The village deferred its normal regular council meeting On March 23 in favour of an operations centre meeting at the Liidlii Kue First Nation band office. The band manager,  village manager and Whelly joined about a dozen people on a conference call for about an hour and a half. 

Discussions included what to do if the situation grows worse and how to protect the community. The village anticipates the territorial government will declare a full state of emergency at some point that will give the government greater powers to act. 

Right now, the village and First Nation leaders are trying to coordinate to respond to such a situation.

As for heath needs, Whelly said the community expects it will be pretty much on its own if a pandemic strikes.
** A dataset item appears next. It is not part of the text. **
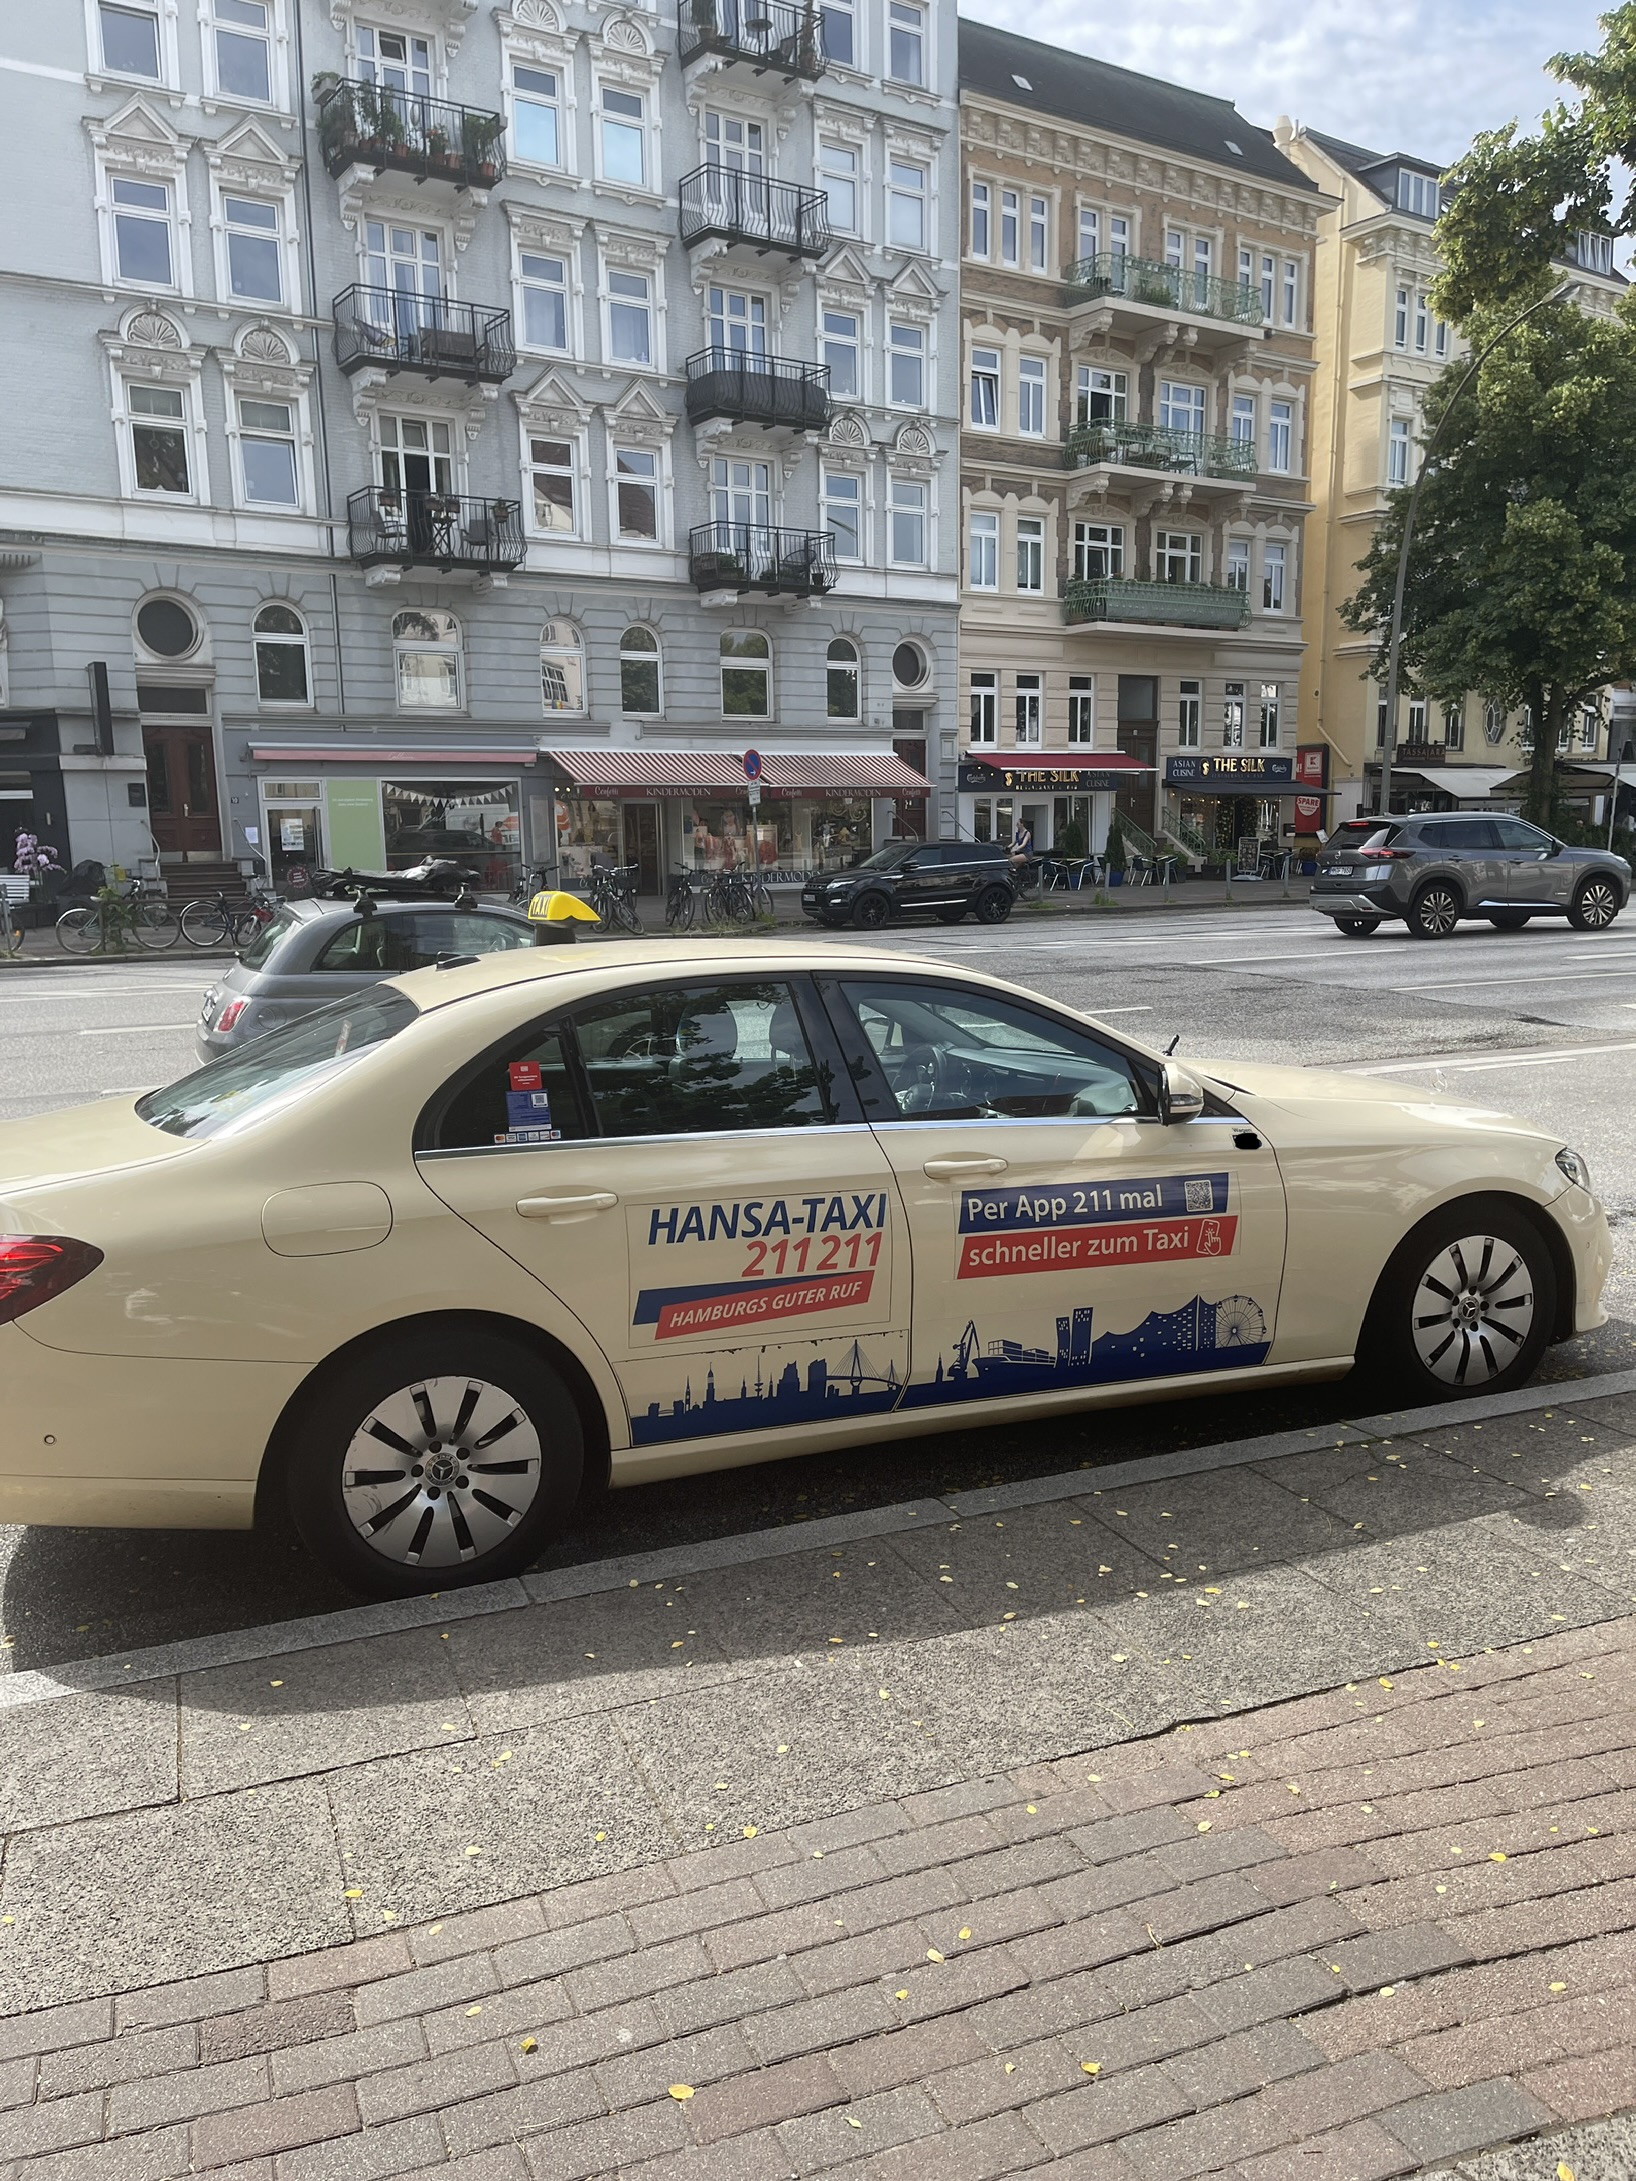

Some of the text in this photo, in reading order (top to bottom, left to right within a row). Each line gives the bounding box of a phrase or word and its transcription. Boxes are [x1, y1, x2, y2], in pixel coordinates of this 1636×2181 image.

"We sort of know that if a lot of people started to get sick here that by the time that would happen, Yellowknife would probably be loaded up with it and we would be on our own," said Whelly. "Nobody says that exactly but that is pretty much the way I see it. No one asks the question, 'how many ventilators are at the health centre.' It is almost like we don’t want to know the answer because it's probably not good."

Whelly remains hopeful, however, that the Dehcho region will be left relatively unscathed by the virus. He said people in Fort Simpson have been doing a good job social distancing from each other.

The streets are virtually deserted, he said.

"I took a drive around yesterday evening and there was literally not a vehicle moving and not a person walking around," said Whelly. "So I think people are trying pretty hard to do that self-isolating and distancing and everything else."